Task statement.
An exact copy of each line below is needed, with no images in it.

= Beginning of Section =

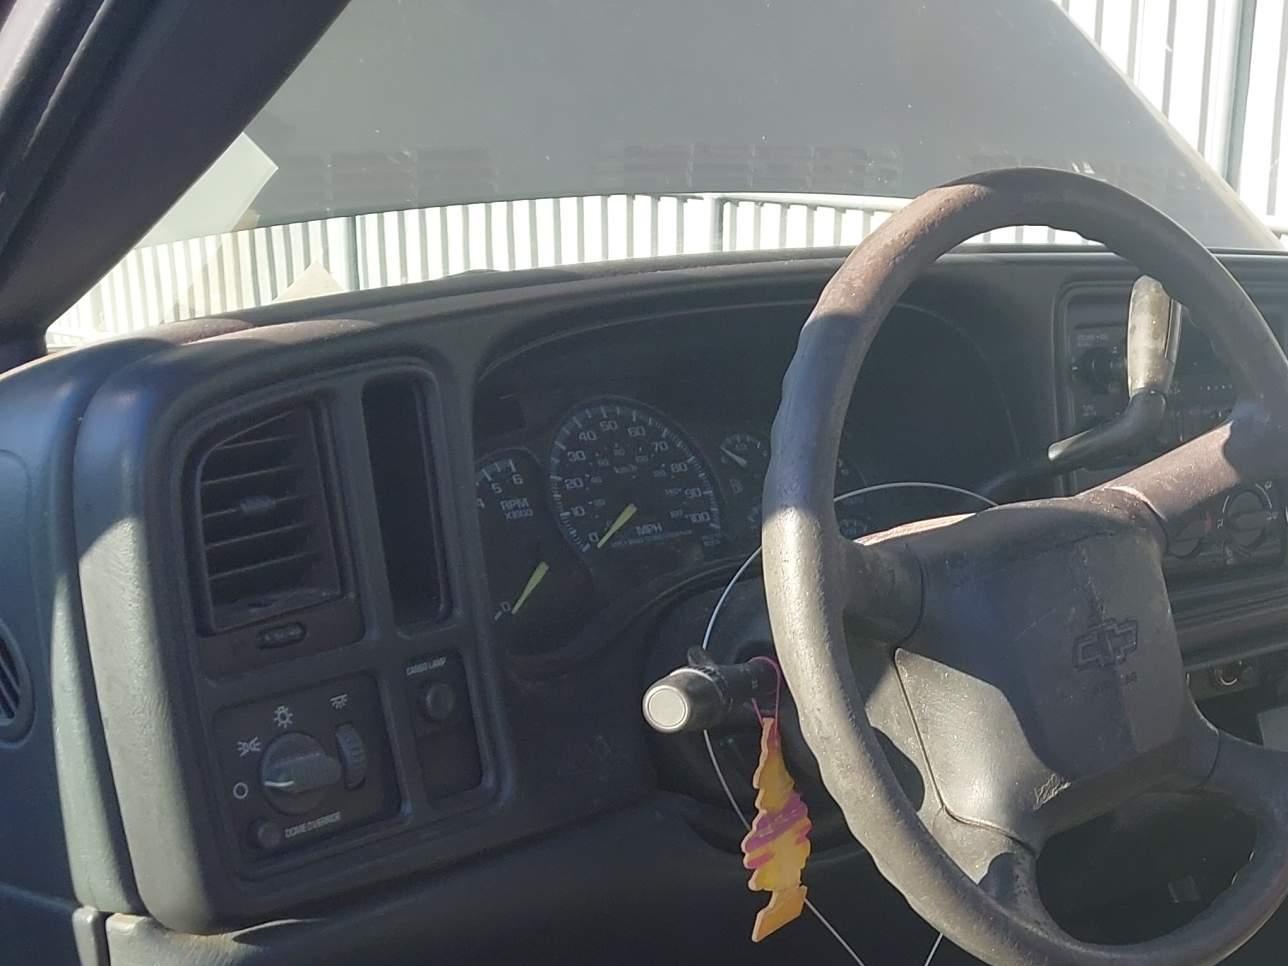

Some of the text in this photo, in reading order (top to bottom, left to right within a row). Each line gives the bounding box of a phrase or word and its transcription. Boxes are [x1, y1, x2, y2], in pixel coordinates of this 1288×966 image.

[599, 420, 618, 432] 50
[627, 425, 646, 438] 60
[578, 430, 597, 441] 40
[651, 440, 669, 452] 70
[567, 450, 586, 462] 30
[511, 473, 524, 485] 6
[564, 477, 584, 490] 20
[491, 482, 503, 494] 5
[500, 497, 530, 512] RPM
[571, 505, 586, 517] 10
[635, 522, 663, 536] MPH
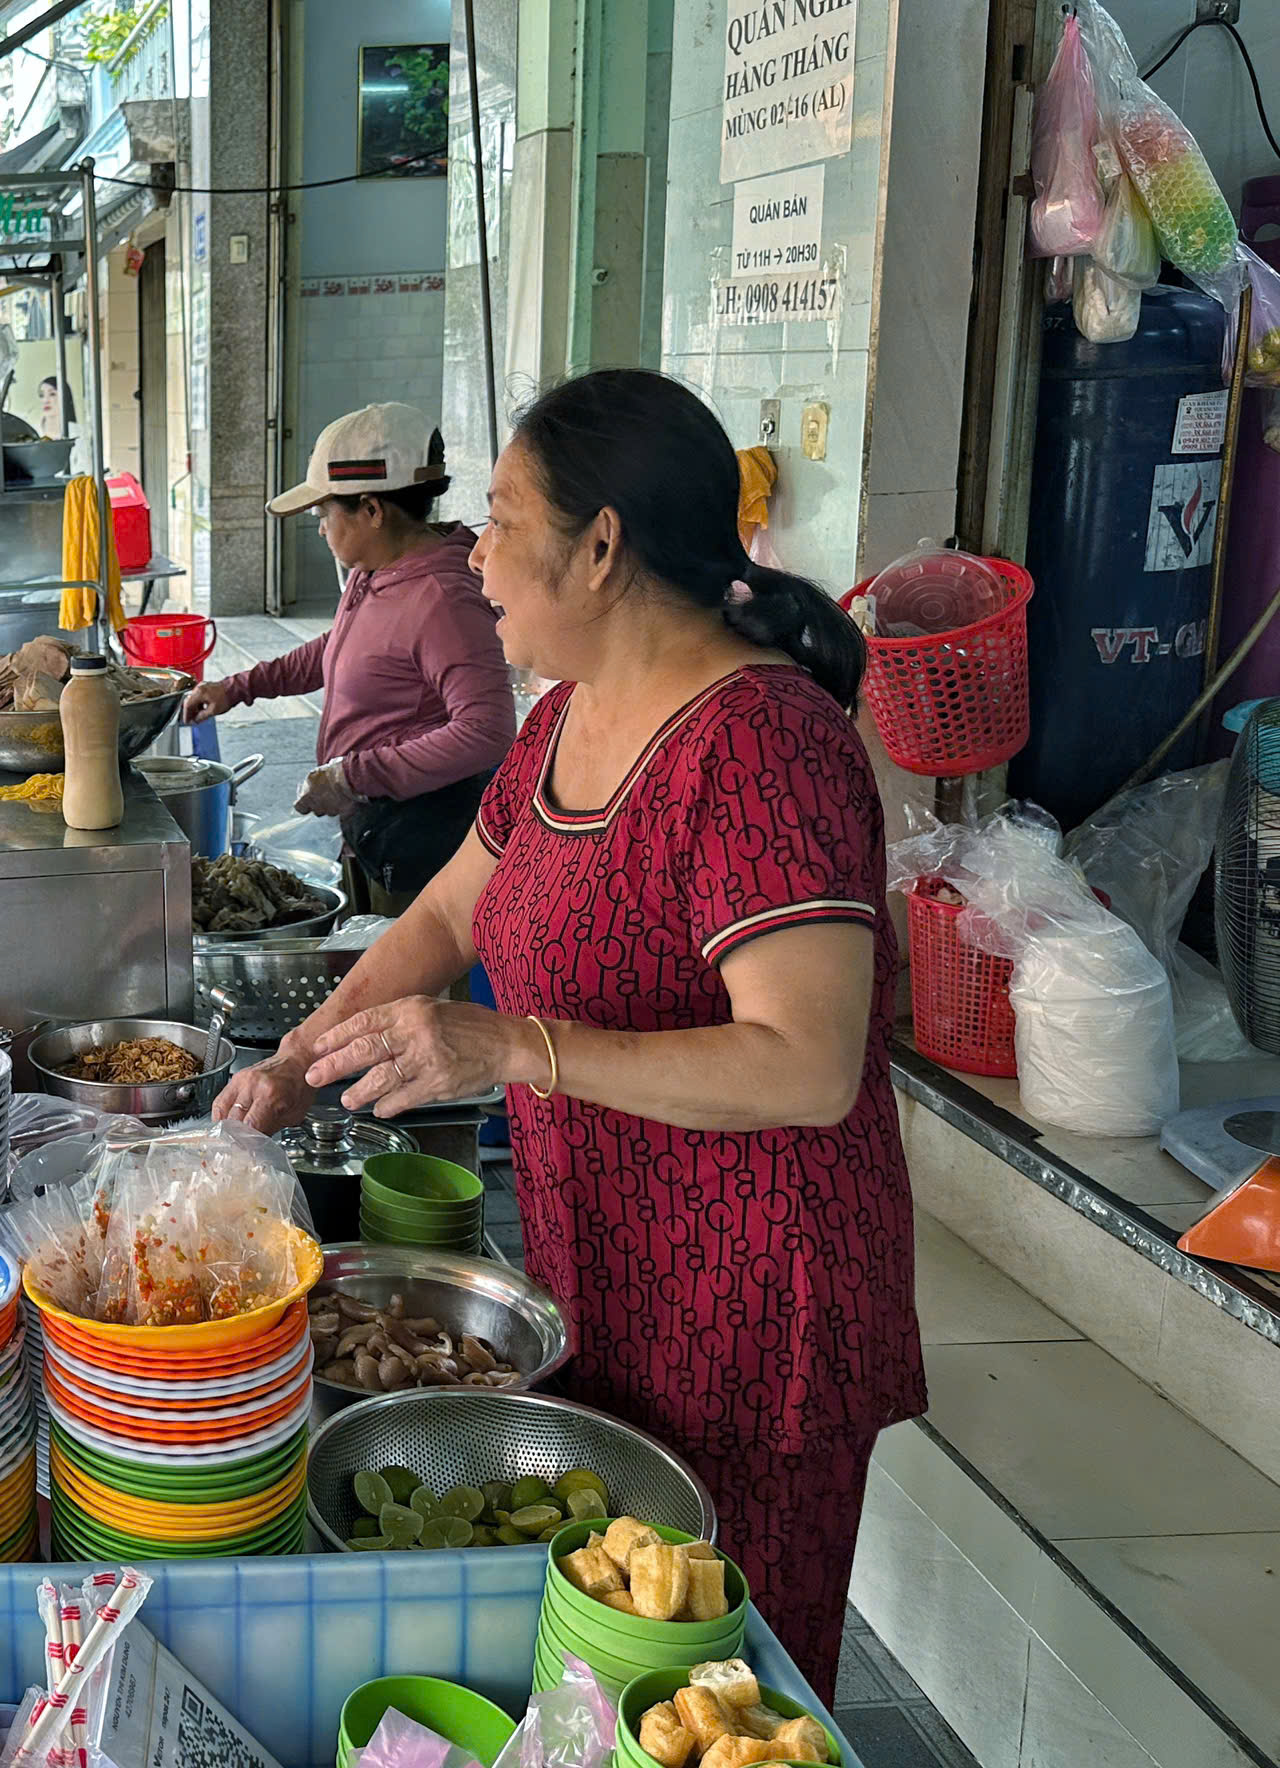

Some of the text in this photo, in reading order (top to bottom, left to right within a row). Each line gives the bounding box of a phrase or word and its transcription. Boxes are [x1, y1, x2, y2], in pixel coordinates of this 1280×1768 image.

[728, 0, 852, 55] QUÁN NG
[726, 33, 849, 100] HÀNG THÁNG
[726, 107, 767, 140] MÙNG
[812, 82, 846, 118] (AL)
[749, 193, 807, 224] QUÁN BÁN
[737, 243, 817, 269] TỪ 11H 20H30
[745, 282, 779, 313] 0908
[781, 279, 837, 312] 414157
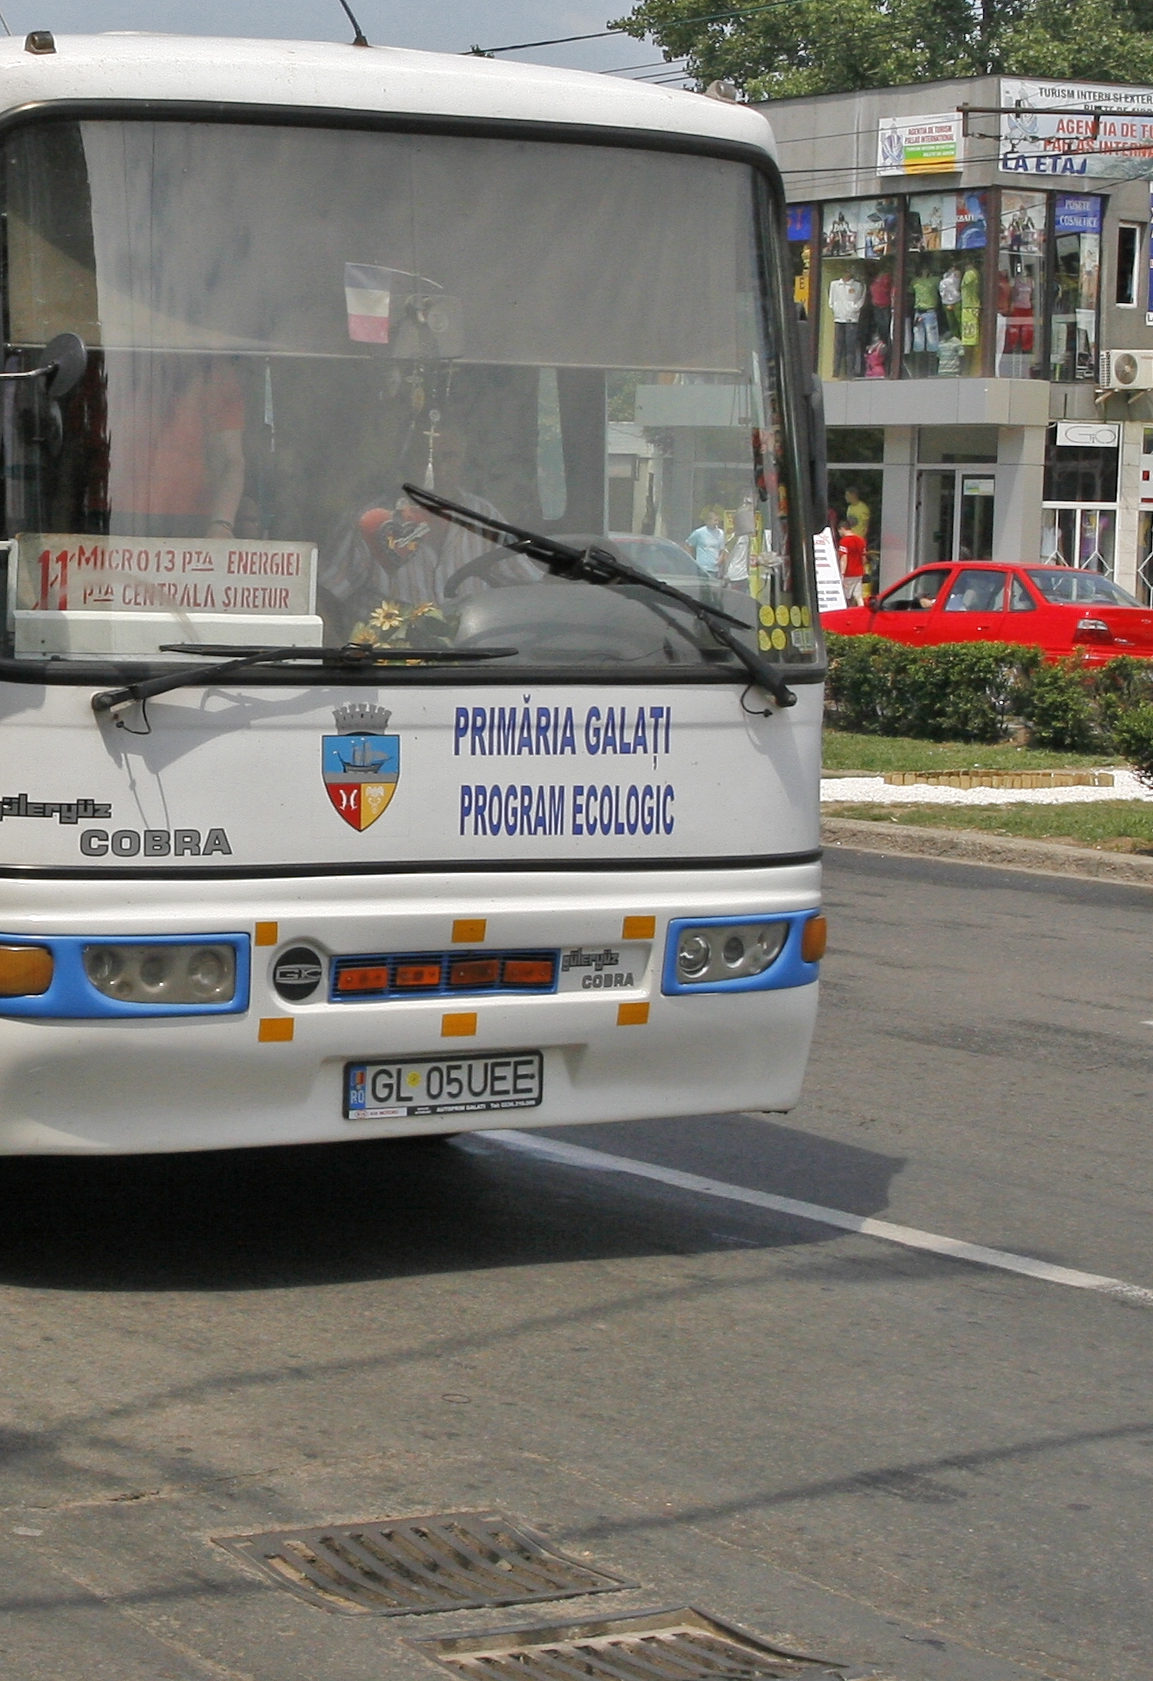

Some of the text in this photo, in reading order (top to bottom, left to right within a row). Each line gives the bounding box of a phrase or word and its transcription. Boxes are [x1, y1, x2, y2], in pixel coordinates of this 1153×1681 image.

= End of Section =

Task answer.
Some of the text in this photo, in reading order (top to bottom, left to right within a row). Each line gives the bounding box of a phrase or word and its transcription. Boxes are [x1, y1, x2, y2], in pixel coordinates of this 1288×966 image.

[599, 420, 618, 432] 50
[627, 425, 646, 438] 60
[578, 430, 597, 441] 40
[651, 440, 669, 452] 70
[567, 450, 586, 462] 30
[511, 473, 524, 485] 6
[564, 477, 584, 490] 20
[491, 482, 503, 494] 5
[500, 497, 530, 512] RPM
[571, 505, 586, 517] 10
[635, 522, 663, 536] MPH

Some of the text in this photo, in reading order (top to bottom, left to right within a row). Each line gives the bounding box of a phrase or word and its transcription. Boxes are [x1, y1, x2, y2], in pixel coordinates of this 1280×1768 image.

[728, 0, 852, 55] QUÁN NG
[726, 33, 849, 100] HÀNG THÁNG
[726, 107, 767, 140] MÙNG
[812, 82, 846, 118] (AL)
[749, 193, 807, 224] QUÁN BÁN
[737, 243, 817, 269] TỪ 11H 20H30
[745, 282, 779, 313] 0908
[781, 279, 837, 312] 414157

Some of the text in this photo, in reading order (top to bottom, left to right within a row). Each line gives the bounding box of a phrase or word and its transcription. Boxes are [x1, y1, x2, y2], in pixel coordinates of this 1153×1681 image.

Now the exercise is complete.